═════ Source material ═════

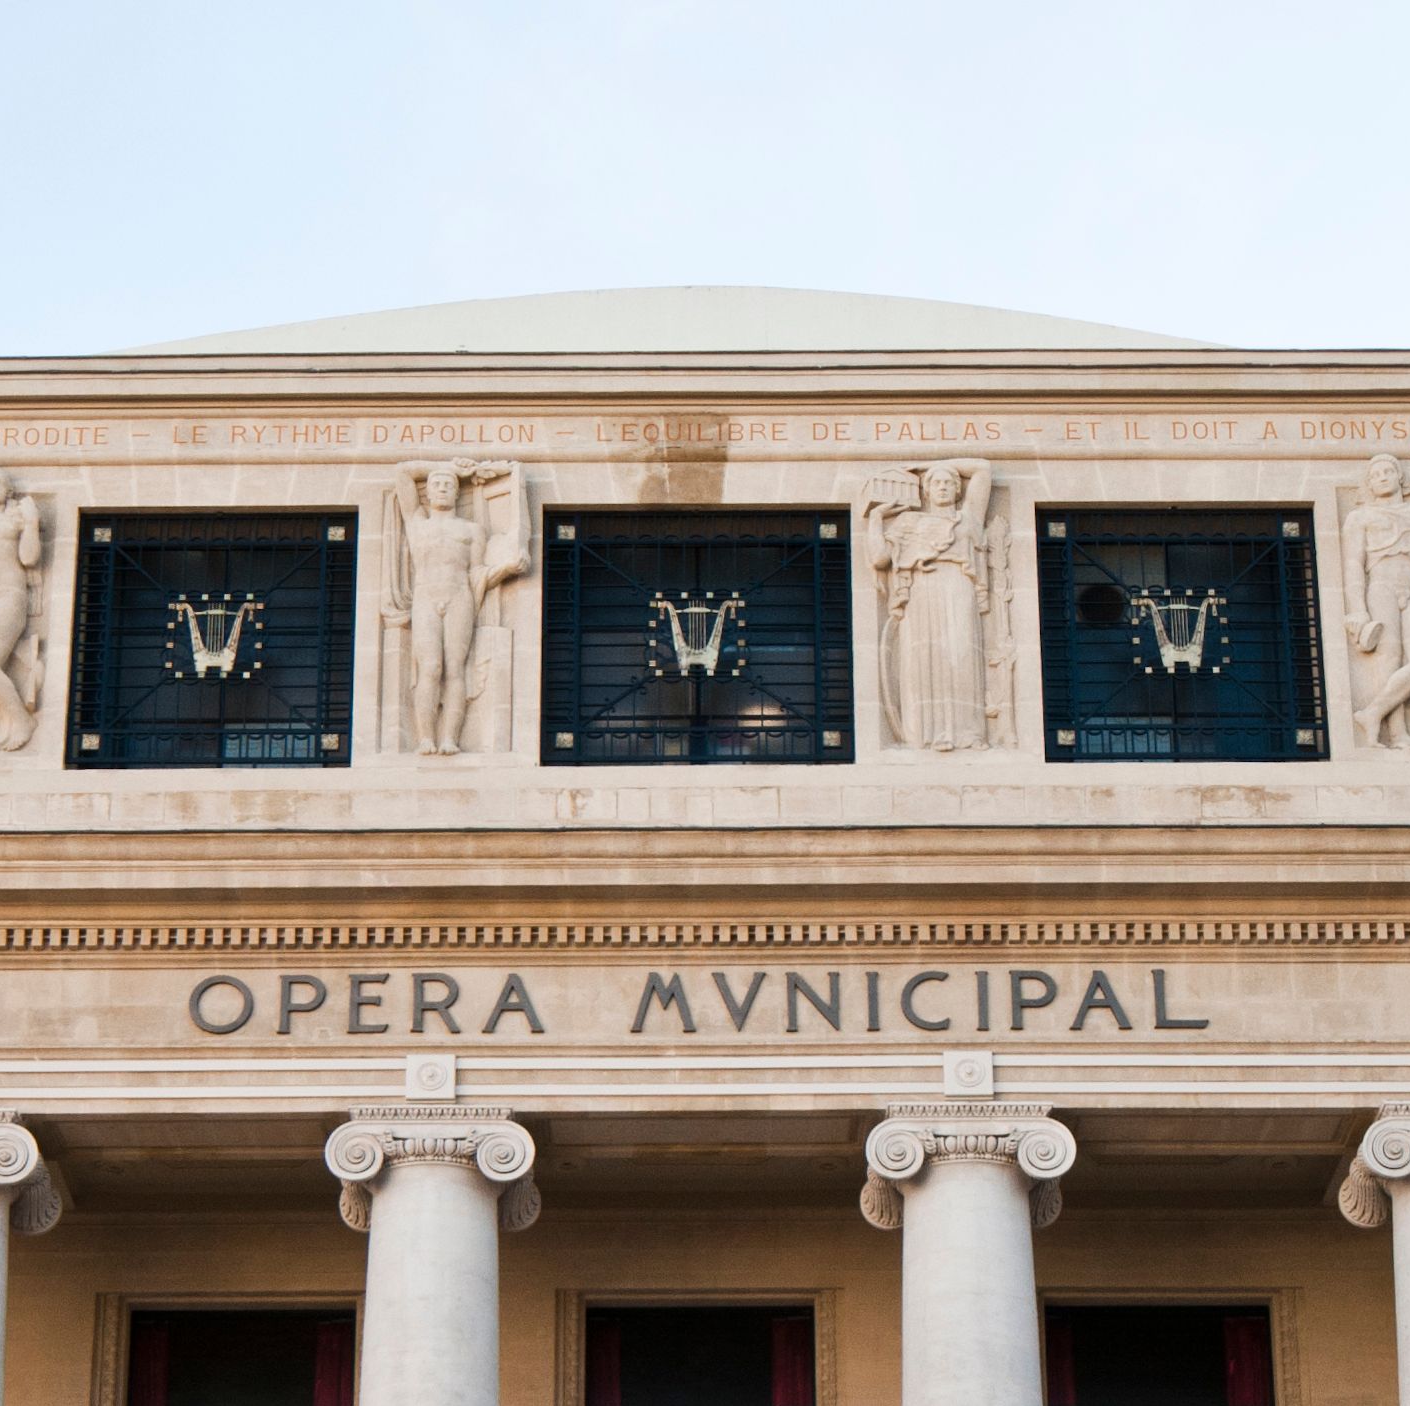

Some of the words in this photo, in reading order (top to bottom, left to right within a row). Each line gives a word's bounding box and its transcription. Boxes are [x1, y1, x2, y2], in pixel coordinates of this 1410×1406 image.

[172, 425, 209, 445] LE
[231, 425, 351, 444] RYTHME
[372, 424, 535, 443] D'APOLLON
[596, 422, 789, 443] L'EQUILIBRE
[812, 422, 852, 441] DE
[874, 421, 1002, 442] PALLAS
[1064, 421, 1102, 441] ET
[1123, 421, 1151, 440] IL
[1171, 420, 1239, 440] DOIT
[1262, 420, 1279, 440] A
[190, 972, 545, 1034] OPERA
[631, 968, 1210, 1033] MVNICIPAL

═════

Work instructions: Although the records contain pictures, your copy should hold only the text, reproduced exactly.

Task solution:
Some of the words in this photo, in reading order (top to bottom, left to right within a row). Each line gives a word's bounding box and its transcription. Boxes are [x1, y1, x2, y2], in pixel coordinates of this 1410×1406 image.

[172, 425, 209, 445] LE
[231, 425, 351, 444] RYTHME
[372, 424, 535, 443] D'APOLLON
[596, 422, 789, 443] L'EQUILIBRE
[812, 422, 852, 441] DE
[874, 421, 1002, 442] PALLAS
[1064, 421, 1102, 441] ET
[1123, 421, 1151, 440] IL
[1171, 420, 1239, 440] DOIT
[1262, 420, 1279, 440] A
[190, 972, 545, 1034] OPERA
[631, 968, 1210, 1033] MVNICIPAL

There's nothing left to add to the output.